The idea of creating the women’s press arose in the early days of the Sovietization of Azerbaijan. The issues of increasing of women’s social activity in the country, struggling against religious superstitions, eliminating of illiteracy, involving of women in agricultural and industrial development were among the most important ones facing the Women’s Department of the Central Committee of the ACP(b). In July 1923, Aliheydar Garayev, secretary of the Central Committee of the ACP(b), Habib Jabiyev, editor of the newspaper “Kommunist”, and Ayna Sultanova, an employee of the Women’s Department of the Central Committee of the ACP(b), put forward the idea of creating the women’s magazine.
On 2 July 1923, to ensure the participation of Azerbaijani women in social and political life, the Central Committee of the ACP(b) established a monthly literary-artistic and social-political Sharg gadini magazine (“Woman of the East”). The first issue of the magazine was published in November 1923 with a circulation of 1,000 copies and consisted of 40 pages.
In the first years of publication, the magazine was sent to Moscow, Leningrad, Crimea, Central Asian republics, as well as outside the USSR, to Turkey and Iran. Letters from Tabriz, Resht, Kazvin and Istanbul welcomed the publication of the first issue of the magazine.
The first editor-in-chief of the magazine was Ayna Sultanova.
In addition to her party and state work, A. Sultanova also worked as a publicist in the newspapers “Pravda”, “Communist”, “Baku Worker”, “Trud”, “Zarya Vostoka”, “Yeni Yol”, “For Communist Enlightenment” and many other newspapers, often giving speeches and publishing articles in magazines.
As editor-in-chief of the “Sharg gadini” magazine, A. Sultanova succeeded to gather around her famous female writers of that time.
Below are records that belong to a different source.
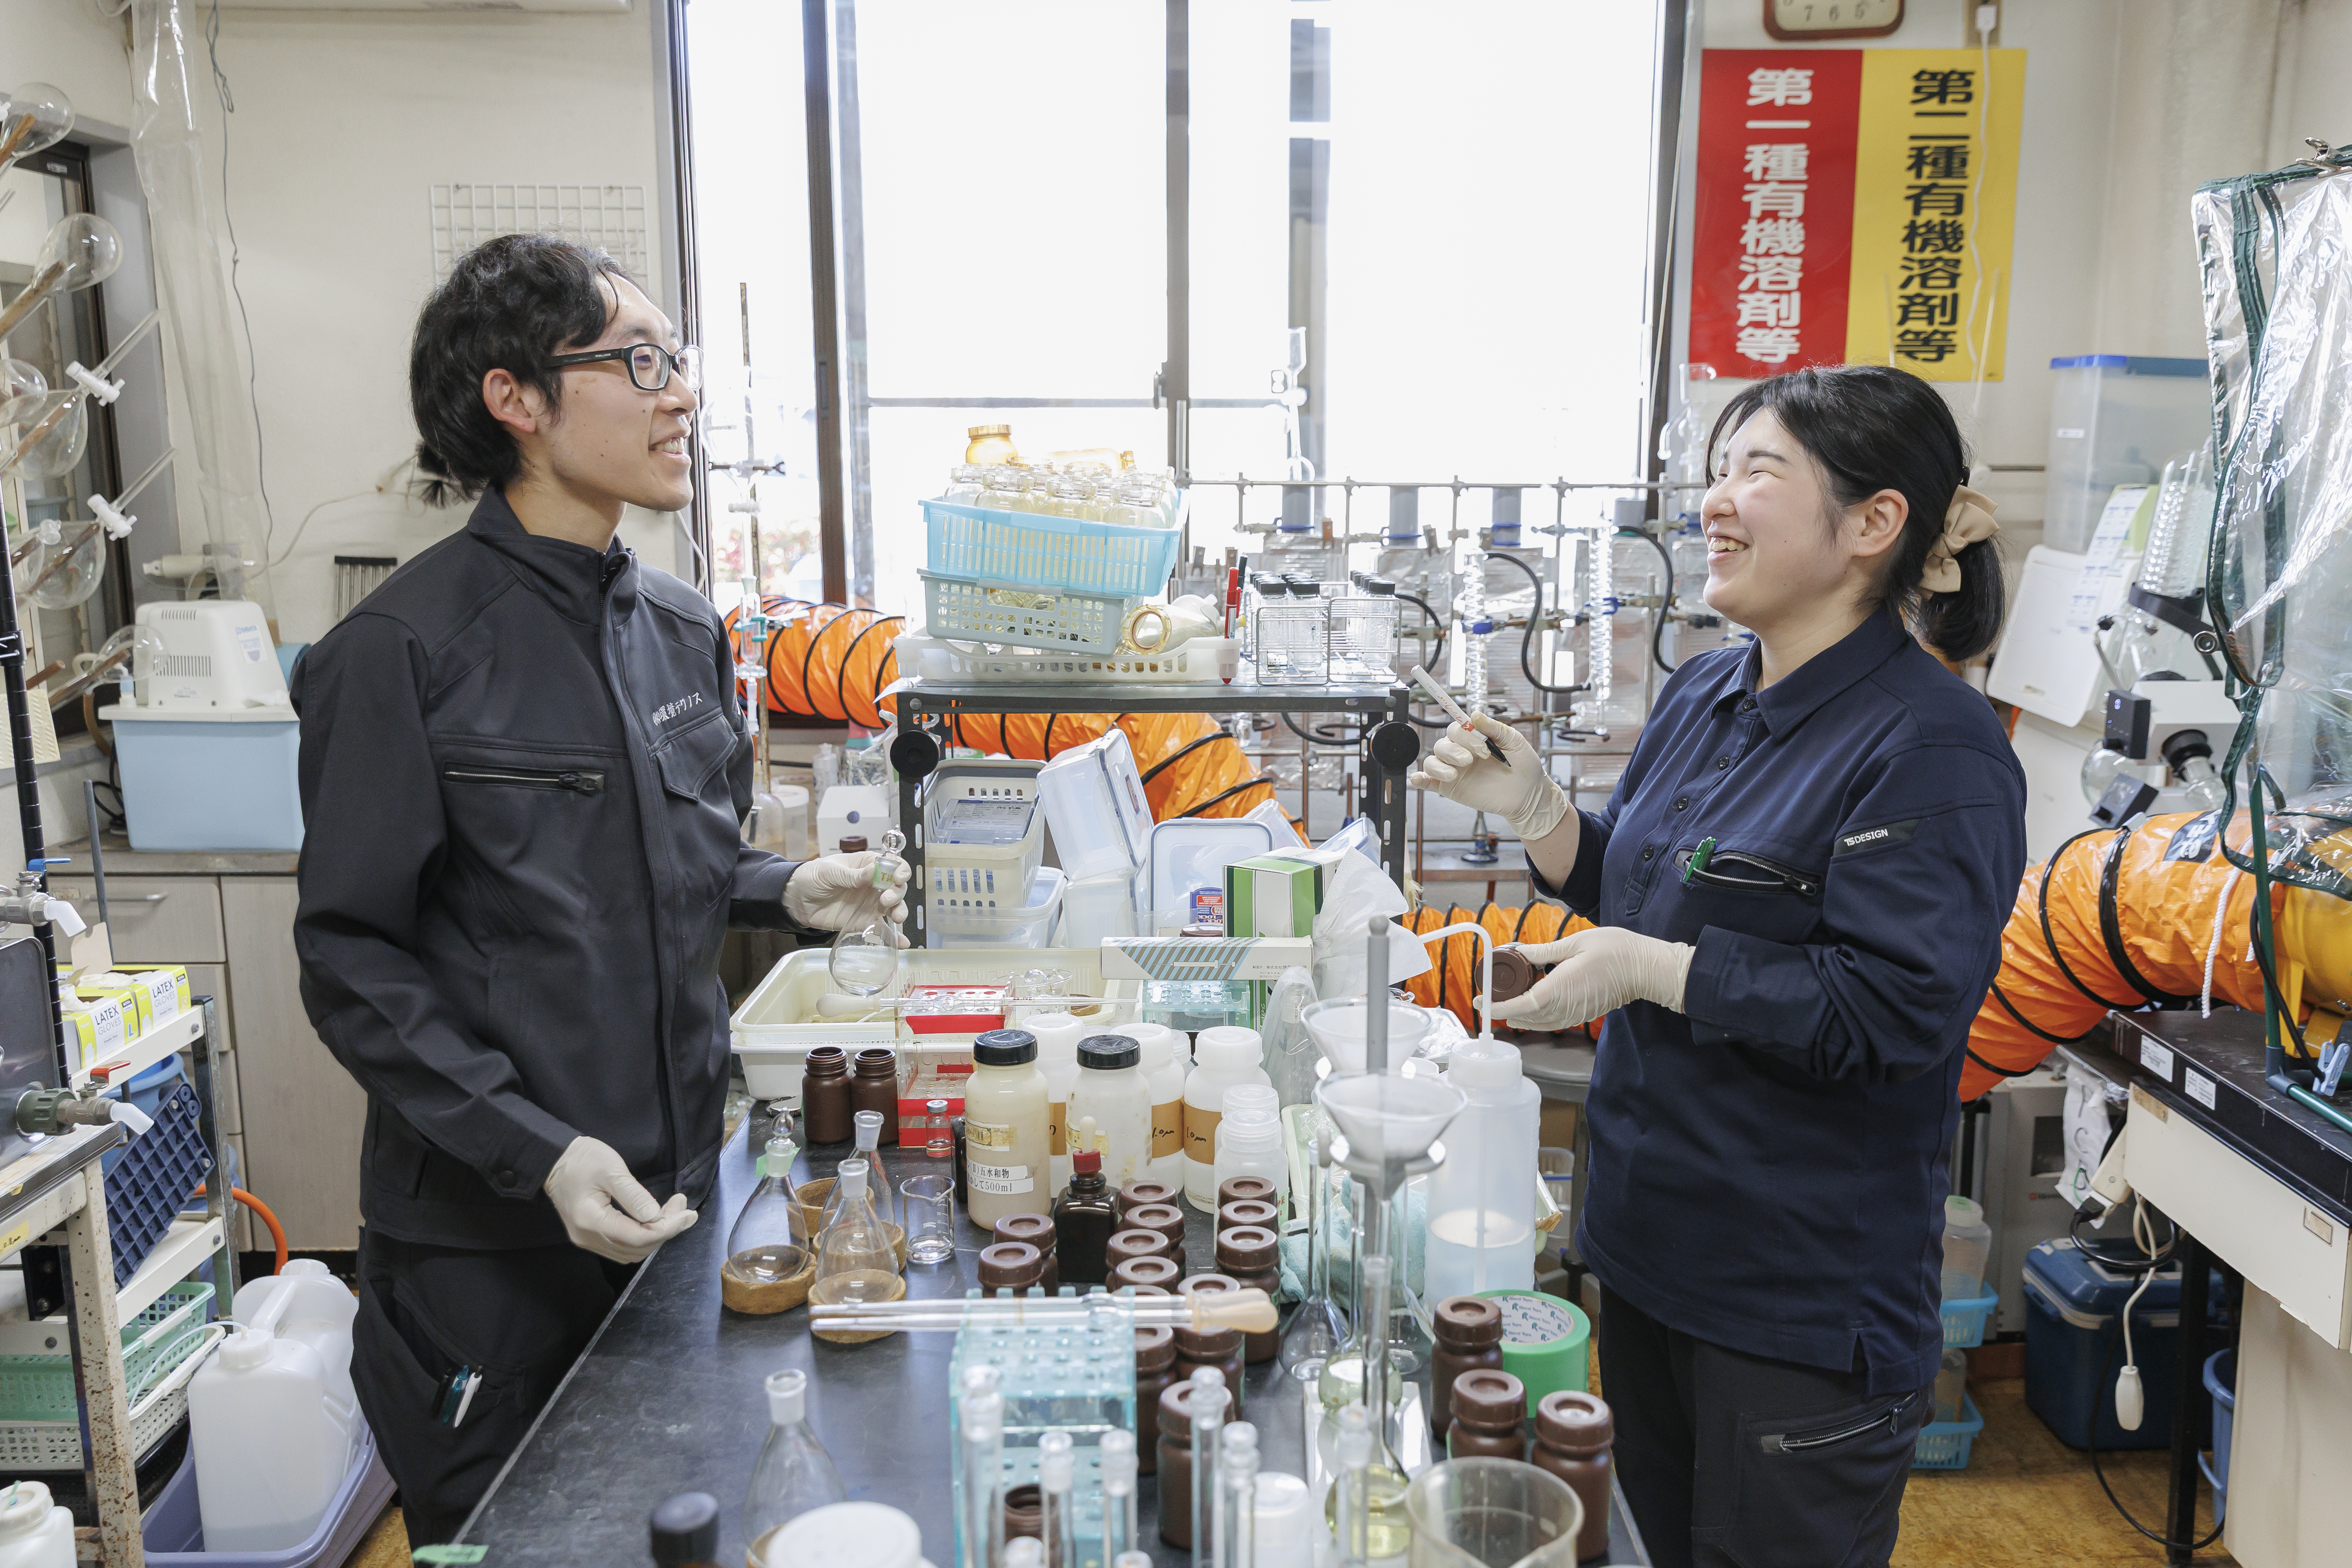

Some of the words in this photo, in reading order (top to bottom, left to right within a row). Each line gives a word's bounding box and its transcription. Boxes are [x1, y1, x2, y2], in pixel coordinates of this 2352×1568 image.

[1736, 67, 1814, 363] 第一種有機溶剤等
[1895, 69, 1975, 363] 第二種有機溶剤等
[152, 979, 174, 998] LATEX
[154, 991, 176, 1007] GLOVES
[181, 997, 187, 1010] S
[95, 1005, 119, 1025] LATEX
[98, 1017, 121, 1035] GLOVES
[128, 1024, 134, 1037] L
She worked in this position until 1929 and then was appointed Deputy People’s Commissar (Minister) of Education of the Azerbaijan SSR. In the following years, A. Sultanova, who held a number of important positions, became a victim of the Bolshevik system, in the creation of which she participated. She was shot in 1937. The same fate befell Gulara Keilya gizi Gadirbeyova, who headed “Sharg gadini” after Ayna Sultanova. On 8 August 1938, she was convicted for membership in a counter-revolutionary nationalist organization and sent to Siberia for 5 years.
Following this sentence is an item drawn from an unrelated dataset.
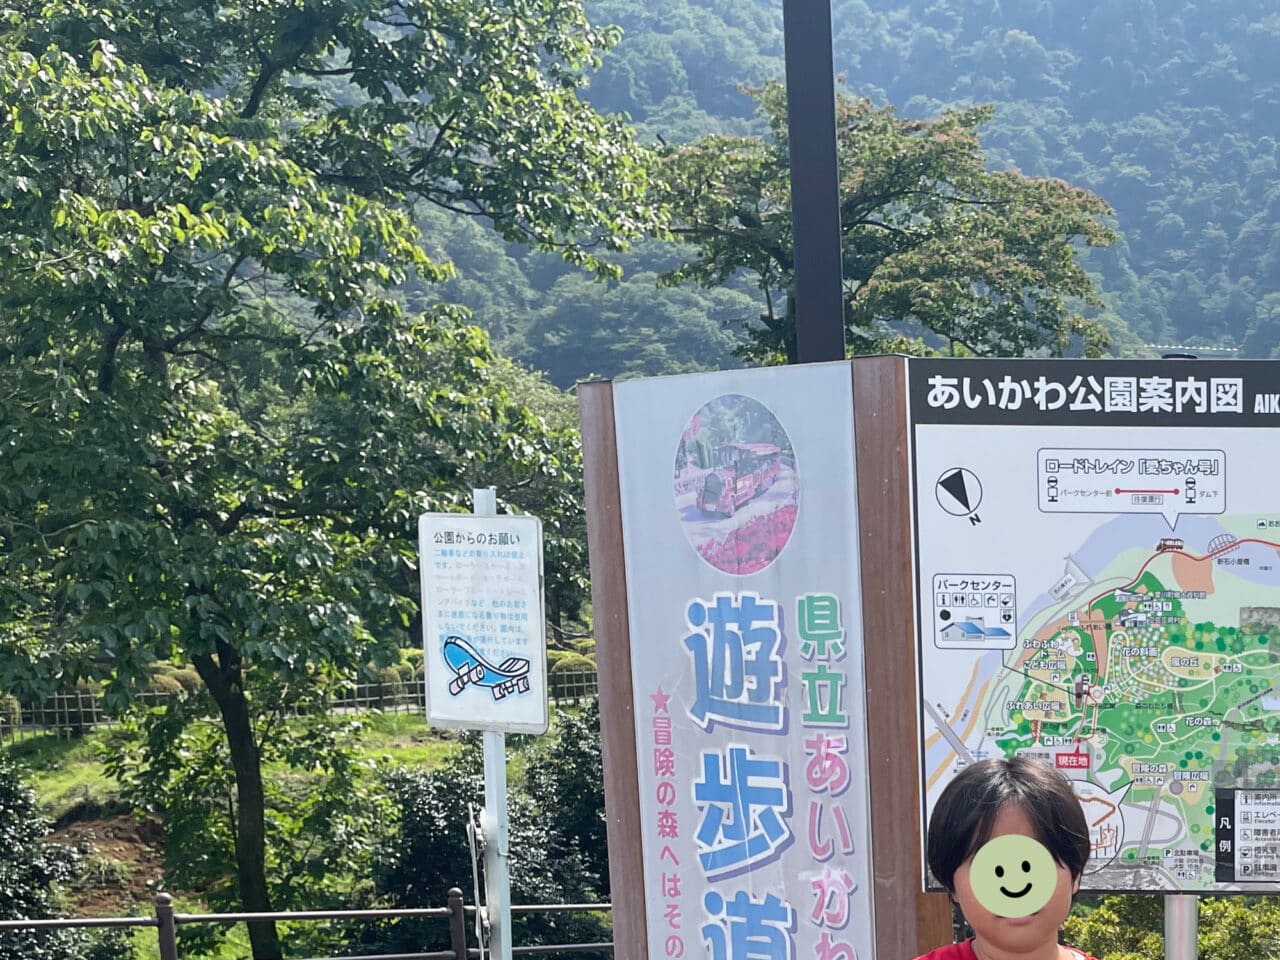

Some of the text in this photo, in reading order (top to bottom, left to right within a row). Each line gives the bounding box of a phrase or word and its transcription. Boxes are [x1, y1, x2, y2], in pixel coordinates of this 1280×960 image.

[926, 375, 1244, 414] あいかわ公園案内図
[970, 514, 981, 526] N
[433, 531, 521, 546] 公園からのお願い
[1058, 756, 1088, 766] 現在地
The magazine regularly published articles about women who actively participated in public life, such as Ayna Sultanova, Shafiga Efendizadeh, Medina Khanim Giyasbeyli, Gulara Keilyu gizi Gadirbeyova, Khadija Seyidzadeh, Hokuma Mammadova. The magazine played an important role in the formation of literary and artistic thought, development of culture, emergence of writers and publicists among women. Since the 30s, Mirvarid Dilbazi, Nigar Rafibeyli, Puste Asgarova, Sona Mammadova, Hanimana Alibeyli presented their poems and prose to the readers in “Sharg gadini”. Thus, the magazine was a tribune for these women writers.
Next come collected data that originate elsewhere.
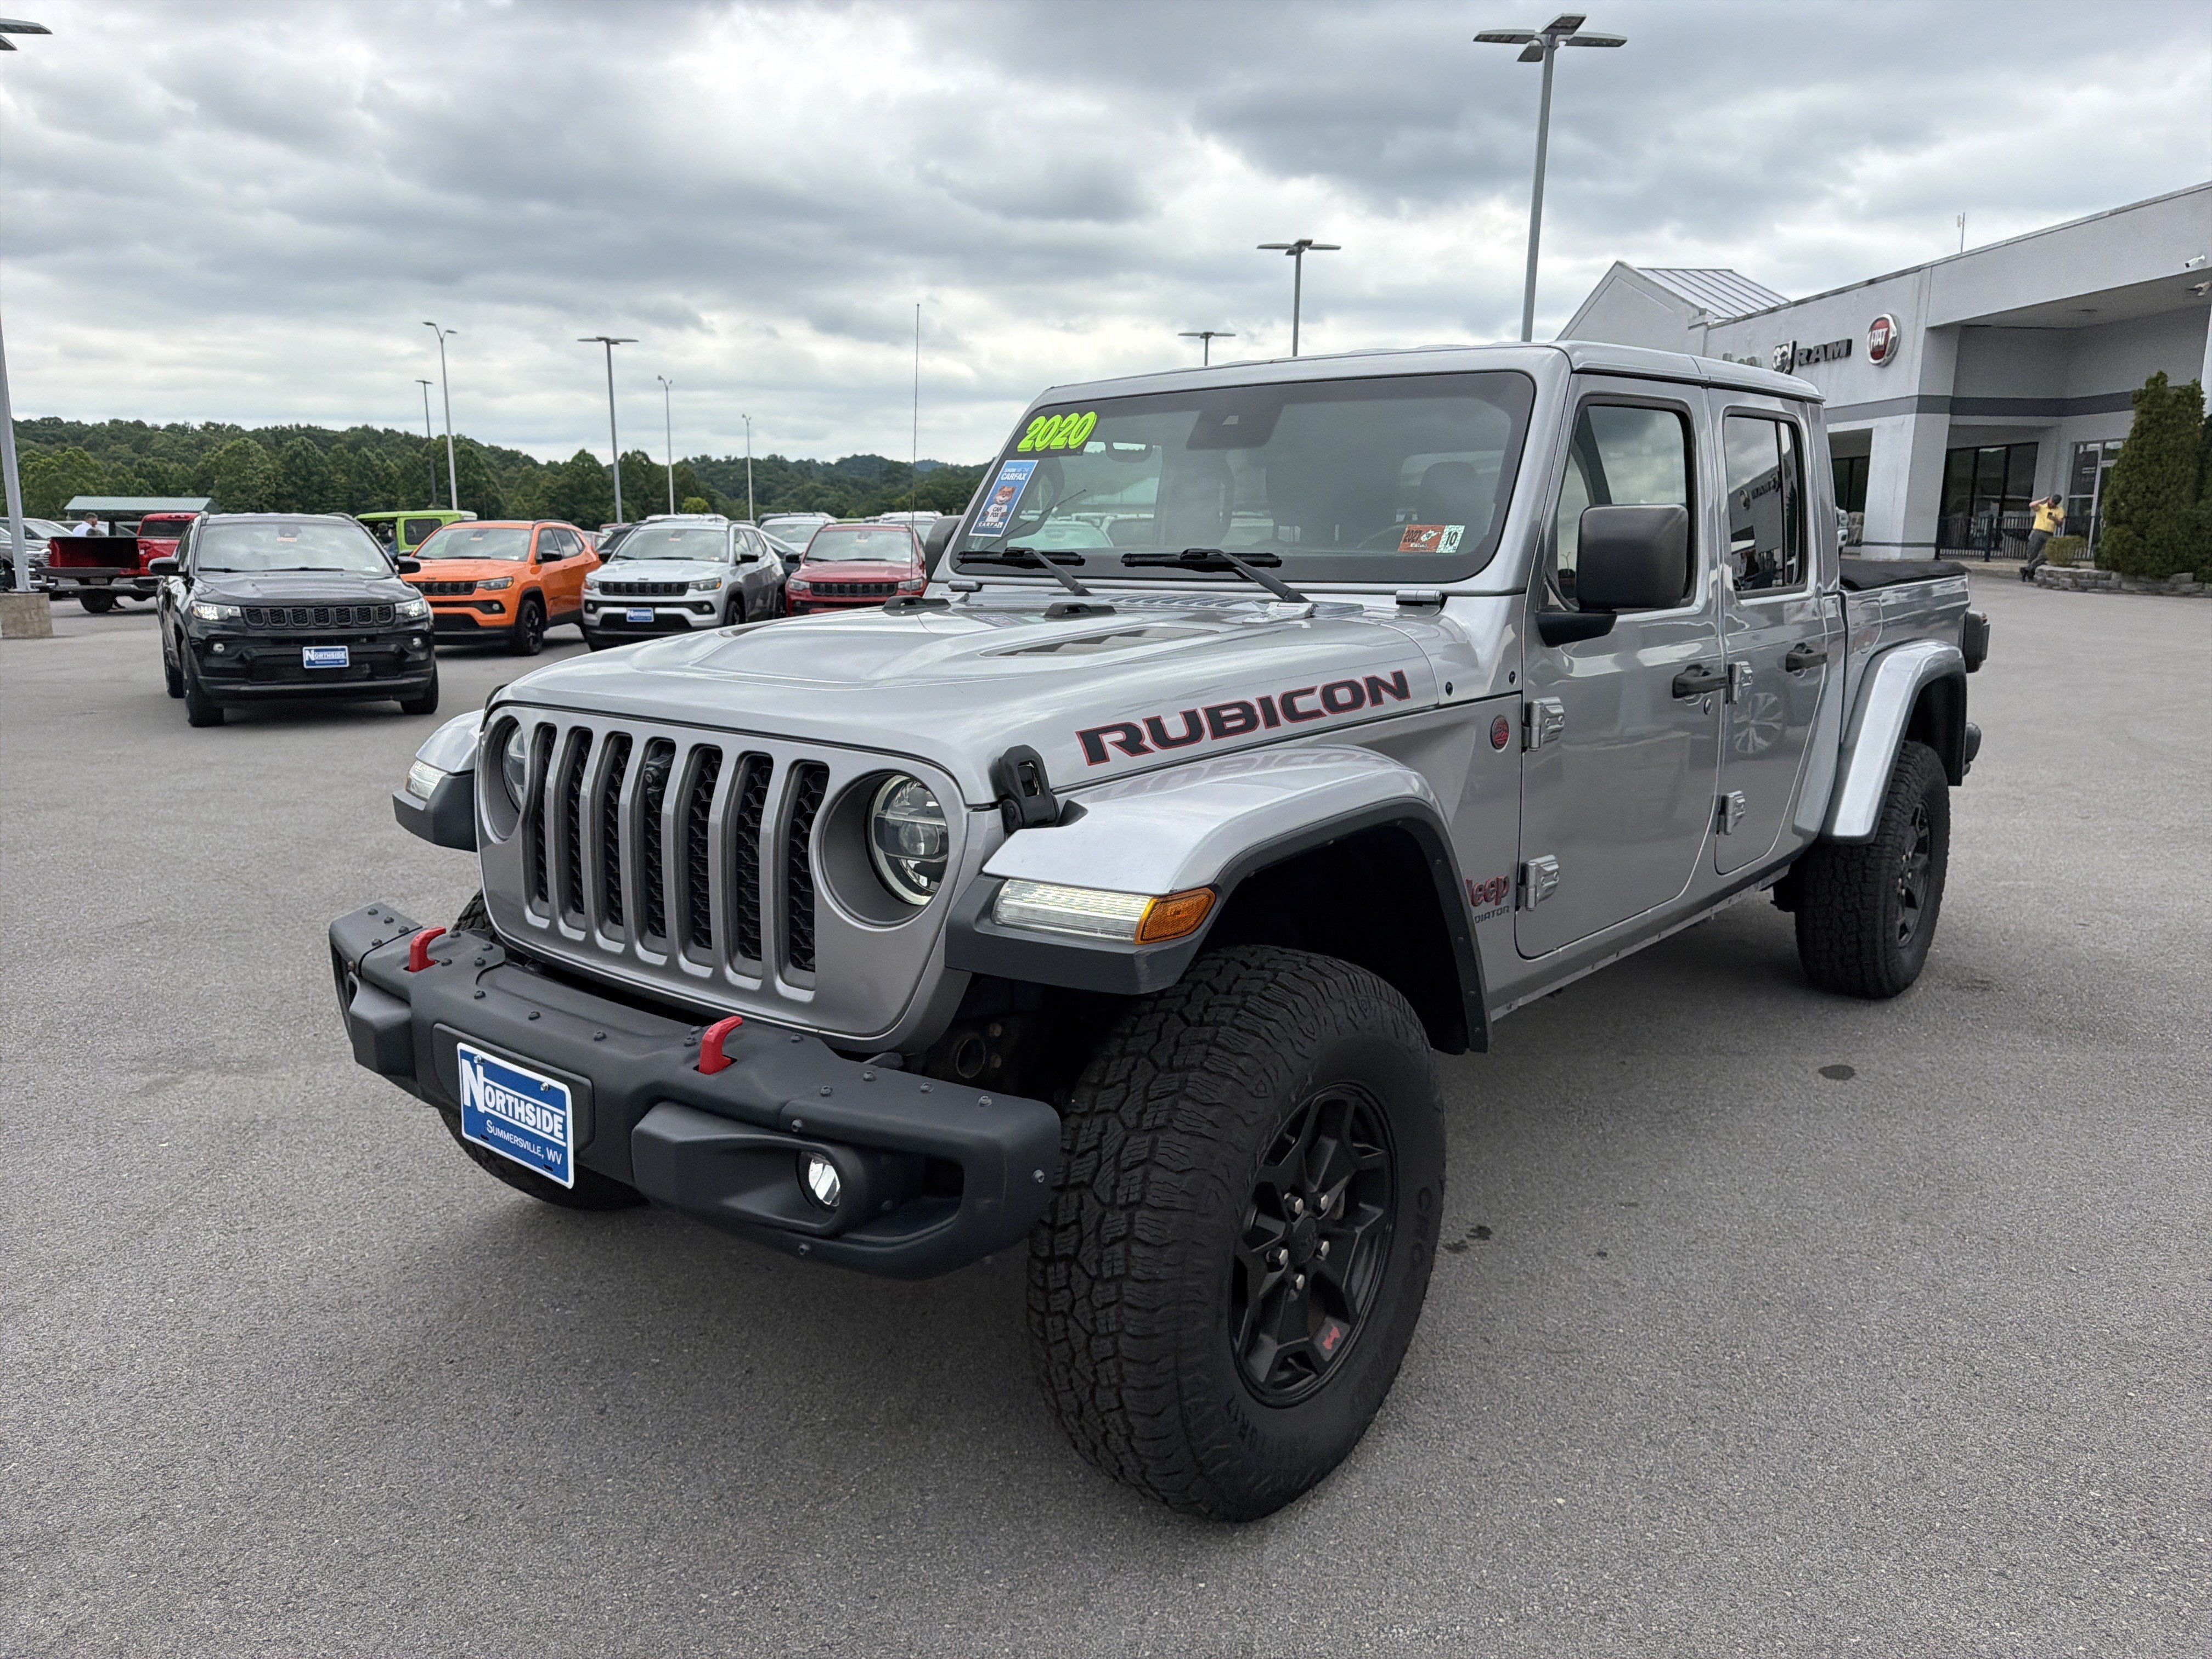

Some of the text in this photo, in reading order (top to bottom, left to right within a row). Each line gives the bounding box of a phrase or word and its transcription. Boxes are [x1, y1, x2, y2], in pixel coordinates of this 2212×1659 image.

[1870, 328, 1888, 351] FIAT
[1795, 338, 1852, 366] RAM
[1017, 411, 1097, 452] 2020
[1402, 529, 1423, 543] 2027
[1445, 531, 1458, 546] 10
[1075, 669, 1410, 766] RUBICON
[1474, 905, 1510, 923] DIATOR
[461, 1058, 564, 1140] NORTHSIDE
[546, 1148, 562, 1165] WV
In the following years, such writers and poets as Rahima Zeynalova, Habiba Zeynalova, Khalida Hasilova, Kamala Aghayeva, Farida Aliyarbeyli, Alaviya Babayeva, Aziza Jafarzadeh and Shovket Mammadova signed the pages of the magazine.
After Ayna Sultanova and Gulara Koylyu gizi Gadirbeyova, the magazine was headed by famous writers, public figures of that time Hokuma Sultanova, Zahra Kerimova, Barat Kerimova, Zuleikha Aliyeva, Rahima Zeynalova, Shafiga Aghayeva and Khalida Hasilova.
From November 1923 to February 1938, the magazine was published under the name “Sharg gadini”. From January 1930 to October 1939 the magazine was published twice a month.
First woman magazine in Azerbaijan established in 1923 was renamed “Azerbaijan gadini” (“Woman of Azerbaijan”) in 1938.